Horse owners in Missouri are being warned to watch for a disease that is uncommon in the state, but has spiked because of the long summer drought.
Philip Johnson, a professor of equine medicine and surgery in the University of Missouri’s College of Veterinary Medicine, says he has seen a big increase in the number of Missouri horses infected with Pigeon Fever, or Corynebacterium pseudotuberculosis, a bacterial infection that can cause painful swelling, abscesses and inflammation in the legs, chests, and abdominal cavities.
The disease is also known as Pigeon breast, False strangles, and Dry land distemper.
“Under normal conditions, this disease is uncommon in Missouri,” Johnson said.
“Likely because of the extremely dry weather Missouri has experienced in the last six months, we have seen an abnormally large number of cases pop up throughout the state.

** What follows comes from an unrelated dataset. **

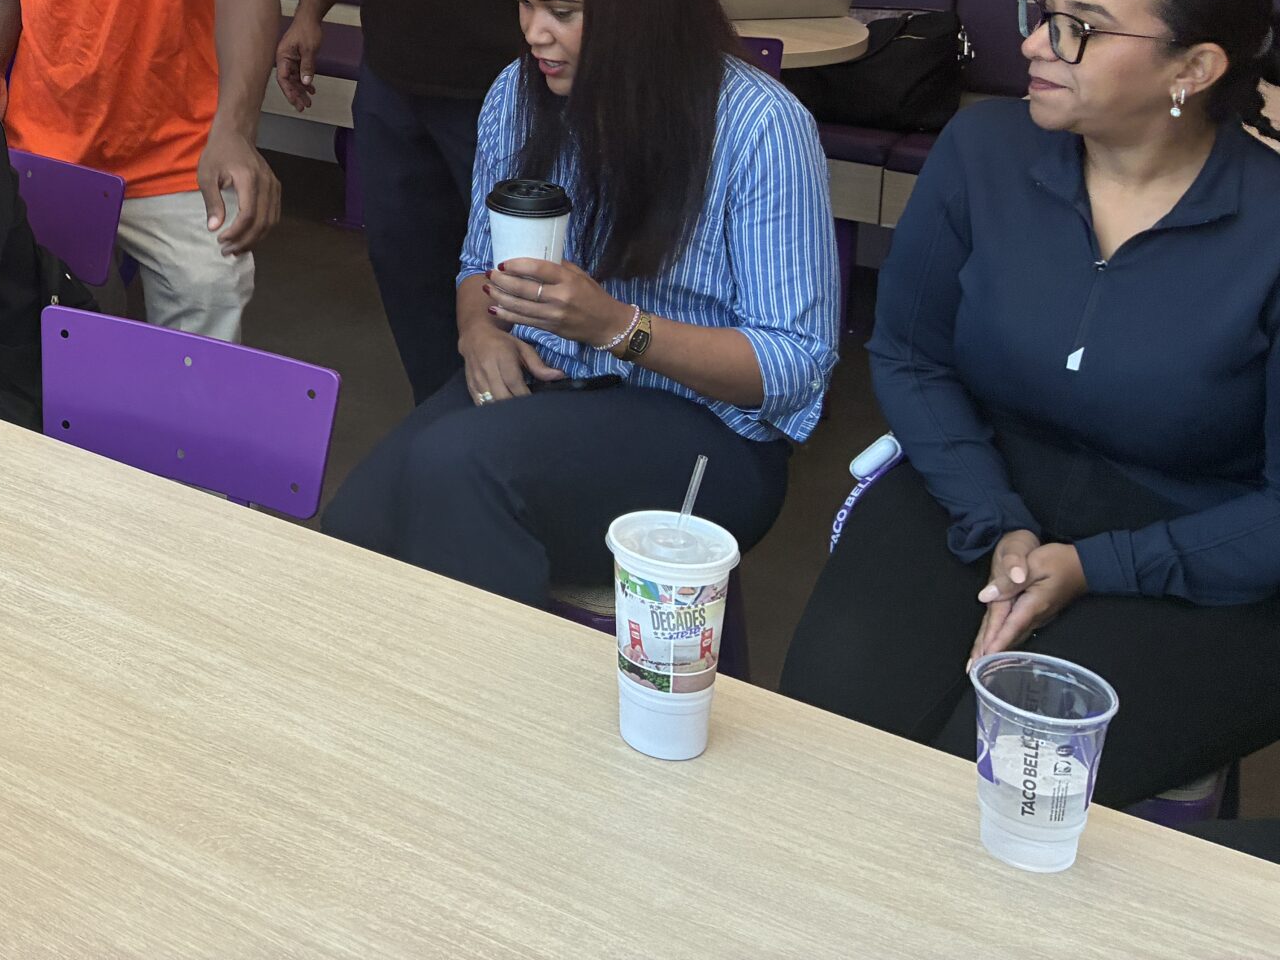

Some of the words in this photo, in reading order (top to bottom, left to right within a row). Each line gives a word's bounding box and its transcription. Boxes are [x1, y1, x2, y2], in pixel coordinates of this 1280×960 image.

“The disease is contracted through abrasions in the skin, as well as by bites from flies and ticks.”
Johnson says that horse owners should keep a wary eye on their horses for swelling in their chests or swollen abscesses and sores on their legs.
He says infected horses may also show behavioral signs of sickness such as lethargy, depression and loss of appetite.

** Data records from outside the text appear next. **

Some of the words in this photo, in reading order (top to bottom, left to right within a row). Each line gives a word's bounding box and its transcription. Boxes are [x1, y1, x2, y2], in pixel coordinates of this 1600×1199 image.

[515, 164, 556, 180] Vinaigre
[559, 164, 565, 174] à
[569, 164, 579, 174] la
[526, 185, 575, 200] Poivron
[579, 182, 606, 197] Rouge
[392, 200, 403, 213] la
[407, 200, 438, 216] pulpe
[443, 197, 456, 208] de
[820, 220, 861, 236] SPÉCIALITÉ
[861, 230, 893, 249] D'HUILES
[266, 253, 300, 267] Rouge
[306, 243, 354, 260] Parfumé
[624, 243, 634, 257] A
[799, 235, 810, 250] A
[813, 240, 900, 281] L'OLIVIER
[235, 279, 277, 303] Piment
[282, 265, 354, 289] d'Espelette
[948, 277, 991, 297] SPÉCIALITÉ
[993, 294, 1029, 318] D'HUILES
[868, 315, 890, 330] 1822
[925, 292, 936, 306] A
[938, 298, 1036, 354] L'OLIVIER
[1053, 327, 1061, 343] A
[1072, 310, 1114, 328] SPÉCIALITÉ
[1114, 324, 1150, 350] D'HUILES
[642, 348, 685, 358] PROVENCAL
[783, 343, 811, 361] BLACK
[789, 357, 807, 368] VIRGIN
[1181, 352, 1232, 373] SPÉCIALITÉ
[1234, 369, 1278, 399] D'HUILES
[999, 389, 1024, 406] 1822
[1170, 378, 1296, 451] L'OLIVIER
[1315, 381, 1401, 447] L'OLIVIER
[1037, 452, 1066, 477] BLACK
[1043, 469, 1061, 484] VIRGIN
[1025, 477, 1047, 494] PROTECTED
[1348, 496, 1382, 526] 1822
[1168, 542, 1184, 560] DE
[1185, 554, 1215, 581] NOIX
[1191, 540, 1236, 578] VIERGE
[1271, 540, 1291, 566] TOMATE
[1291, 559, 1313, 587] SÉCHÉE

If an infection is left unattended for too long, it could result in lameness and even death if the infection moves into internal organs.
“It is very important for horse owners to monitor their horses’ health carefully,” Johnson said.
“They should call their veterinarians as soon as they see any potential sign of infection, so that the veterinarians can accurately diagnose the condition. The earlier the infection is detected, the easier and more effective the treatment will be.”
Johnson also recommends that owners quarantine any horses they believe might be infected, as draining abscesses can spread the disease to healthy horses. He says that treatment typically involves draining any abscesses close to the surface of the skin and allowing them to heal.
He recommends the use of antibiotics only if the abscesses are deeper under the skin or if the infection has moved to the internal organs of the horse.